Rust, el verdadero detective, sobrevive a sus heridas pero no entiende cómo ni por qué. Su culpa lo convertía en merecedor de la muerte por terceros, pero no sentía vergüenza: era incapaz de tomar su propia vida. Y sobrevive para darse cuenta de que nada se ha resuelto y la batalla continúa. La culpa sobrevive y lo recluta para su ejército moral. Se alinea con el bien, que es el mal de sus enemigos ocultos. La dualidad no cesa. Cae al horizonte tras resolver su caso y sobrevivir y ahí perdura.
La culpa, tal como un agujero negro, opera en los confines y en el centro, y su fuerza mueve toda la organización del sistema al que pertenece. O bien el sistema le pertenece a ella y es su gravedad increíble la que mueve los hilos de las voluntades o los miedos. Conozco y me conozco: tanto esfuerzo controversial por abandonar una culpa que lo único que hace es permitir la reincidencia del dolor, nunca avanzando, redundando en el error, el horror, el daño. Suspendiendo incluso el conocimiento íntimo, reemplazándolo por la inercia del chicote, la voz severa de Dios, el castigo que pronto adviene.

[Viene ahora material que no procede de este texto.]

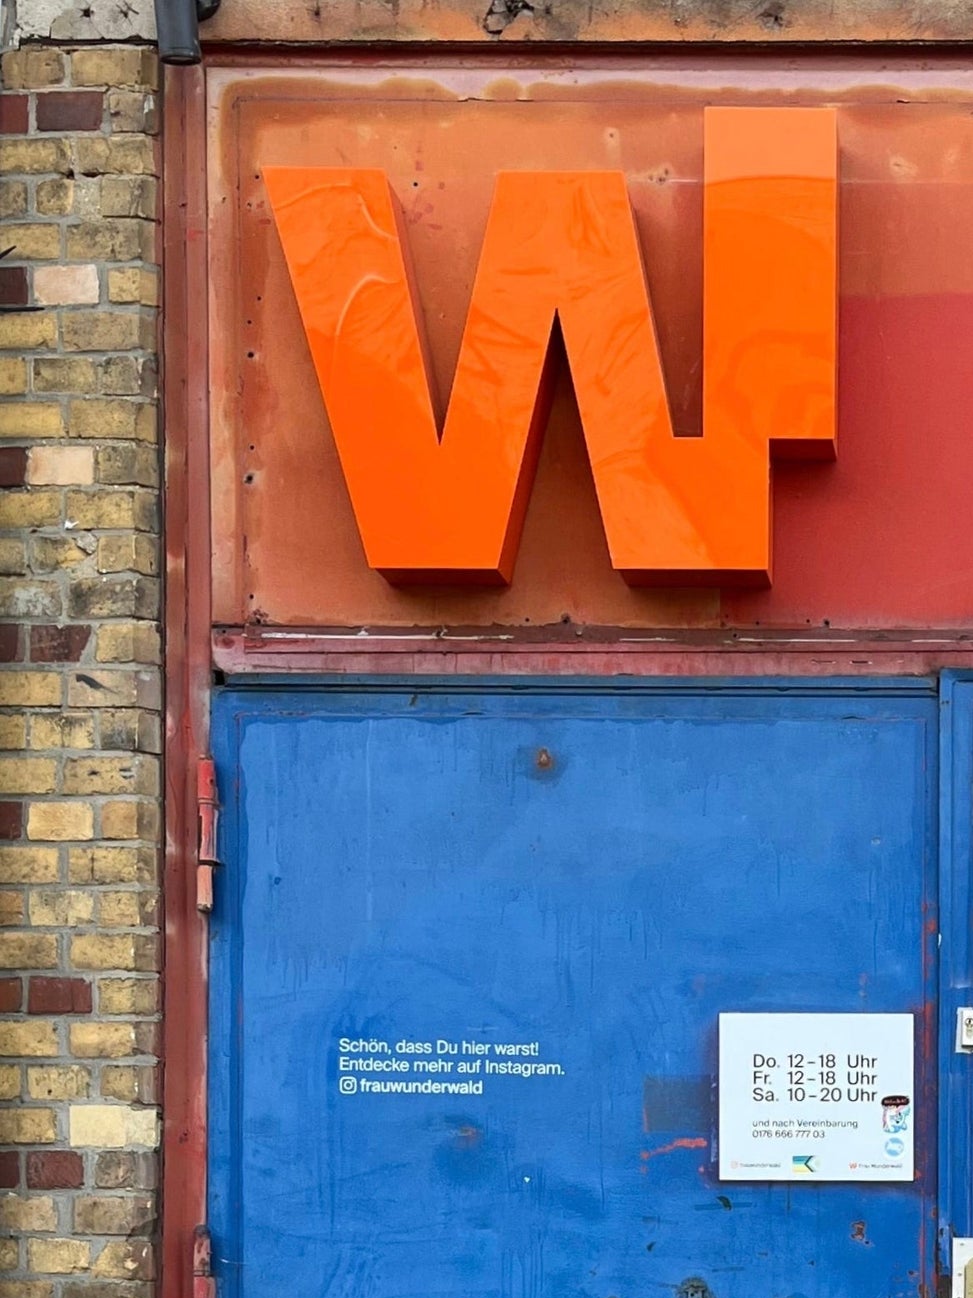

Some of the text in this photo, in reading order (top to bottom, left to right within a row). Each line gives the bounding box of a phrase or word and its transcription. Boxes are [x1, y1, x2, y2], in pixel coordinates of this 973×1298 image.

[339, 1038, 540, 1056] Schön, dass Du hier warst!
[339, 1057, 565, 1077] Entdecke mehr auf Instagram.
[753, 1053, 781, 1069] Do.
[847, 1053, 878, 1069] Uhr
[753, 1070, 772, 1085] Fr.
[847, 1070, 878, 1086] Uhr
[360, 1078, 483, 1095] frauwunderwald
[752, 1087, 780, 1103] Sa.
[847, 1087, 878, 1103] Uhr
[752, 1119, 858, 1130] und nach Vereinbarung
[752, 1130, 773, 1138] 0176
[795, 1130, 811, 1138] 777
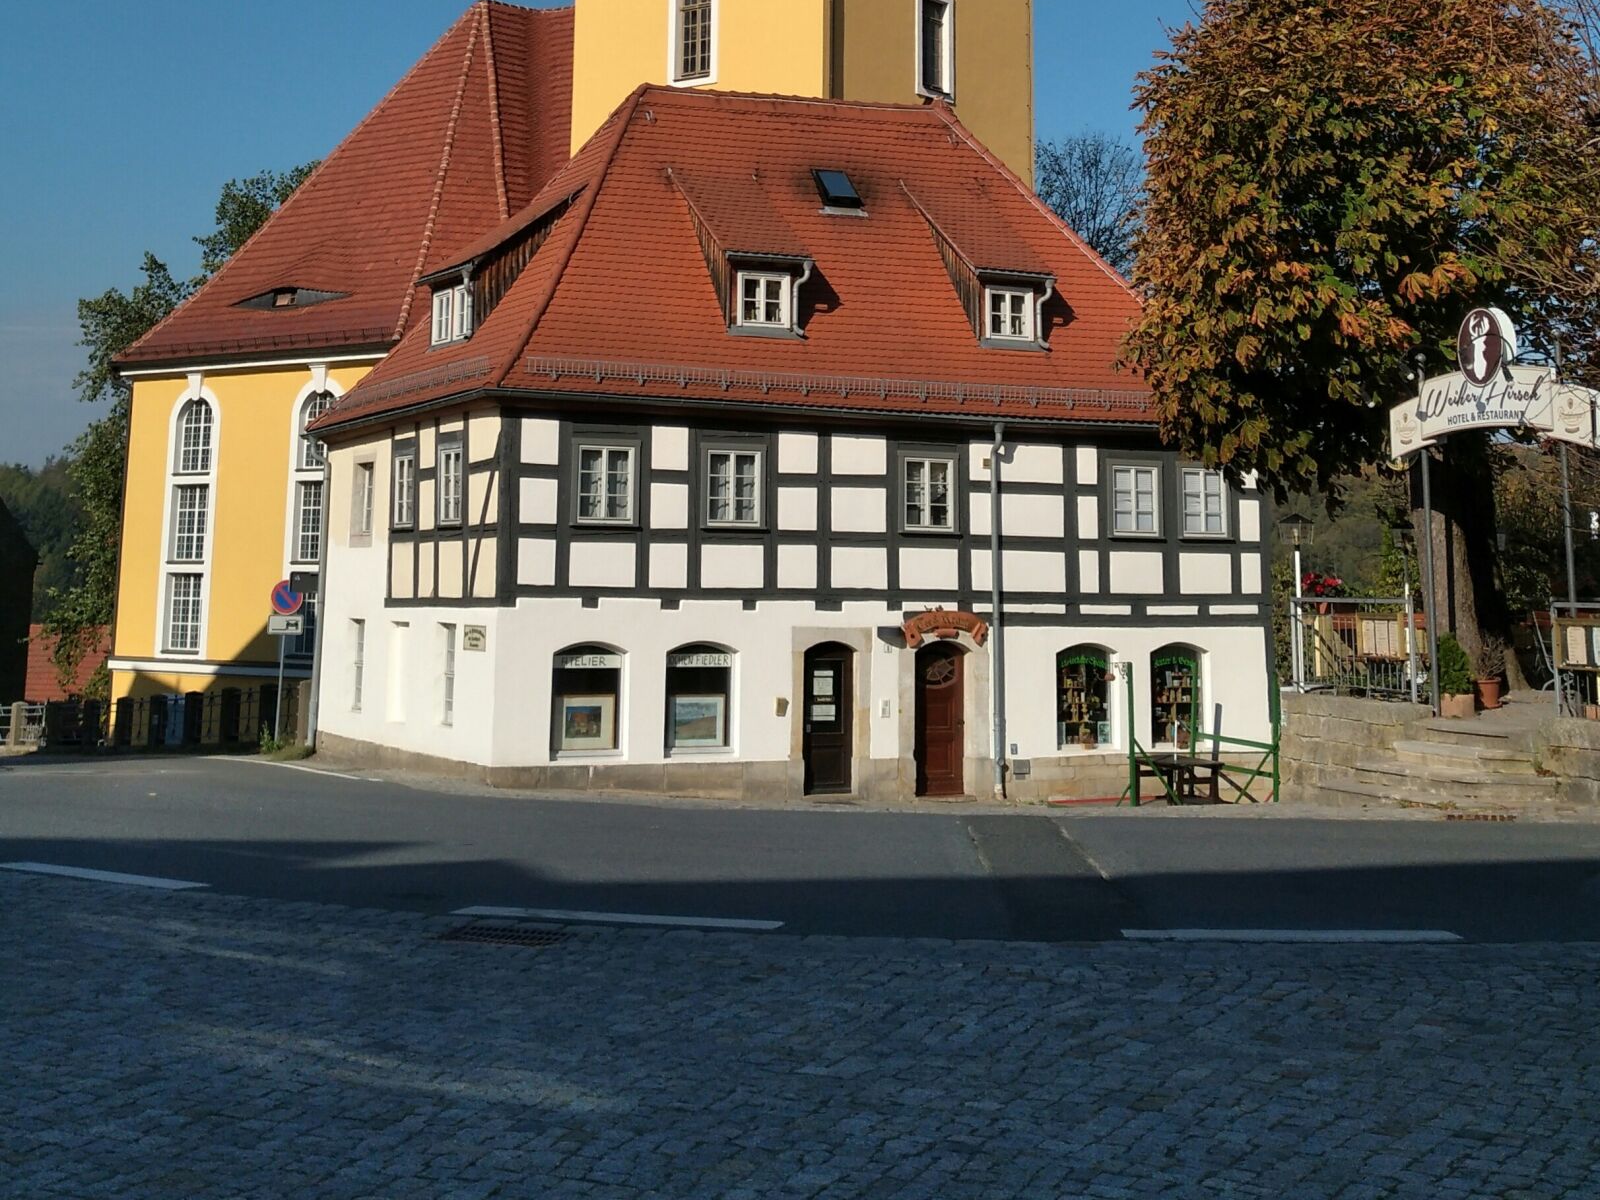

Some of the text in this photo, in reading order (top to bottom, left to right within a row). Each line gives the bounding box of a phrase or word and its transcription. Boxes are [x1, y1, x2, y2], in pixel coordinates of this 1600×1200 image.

[1485, 375, 1542, 409] Hirsch
[1447, 410, 1524, 426] HOTEL & RESTAURANT
[561, 656, 606, 667] ATELIER
[668, 655, 729, 666] OCHEN FIEDLER

Solo algo me aclara esta reflexión: la culpa se siente, sí, pero debemos observarla. Podemos toparnos, quizá, con la revelación que temprano recibí en mi adolescencia por parte de un buen amigo: “Cuando sientes culpa, siempre se trata de alguien haciéndote sentir culpa”. Quizá, tras apropiarnos de esa revelación, podemos finalmente caer. Eso, porque a eso debemos aspirar si tenemos dignidad. Sabido es que tras cualquier acción o inacción no hay vuelta atrás. Pero desplomarnos, mantenernos ahí, caídos, nos da perspectiva. Las cosas se observan en diagonal, quebradas, y empatizamos más y mejor con quien da tumbos y erra. Vivir el daño, cuando decidimos dañar. Vivir el daño cuando nos dañan. Vivir el daño cuando hay daño. Sin ese momento que elude, sin esa observación, sólo cedemos al tránsito, la corrección, las estatuas morales. Caemos esperando ponernos de pie y el primer verbo pierde ímpetu o virtud. La resiliencia, otro ardid para otra reflexión, mengua la empatía. Triunfa el new age, la autosuperación, el culto, los popurris de psicologías coach-ontológicas. La revelación del yo exacerbado que busca su gloria paradisíaca y se estaciona en su atalaya moral, donde todo ve, todo cubre, todo conoce y nada añora. Sacerdotes que se masturban predicando la abstención. Deseando en secreto que todo caiga menos ellos, que son el cielo y la ley. Sin observación de la culpa y la caída severa, no hay otra cosa que moral esponjosa y peor, vengativa.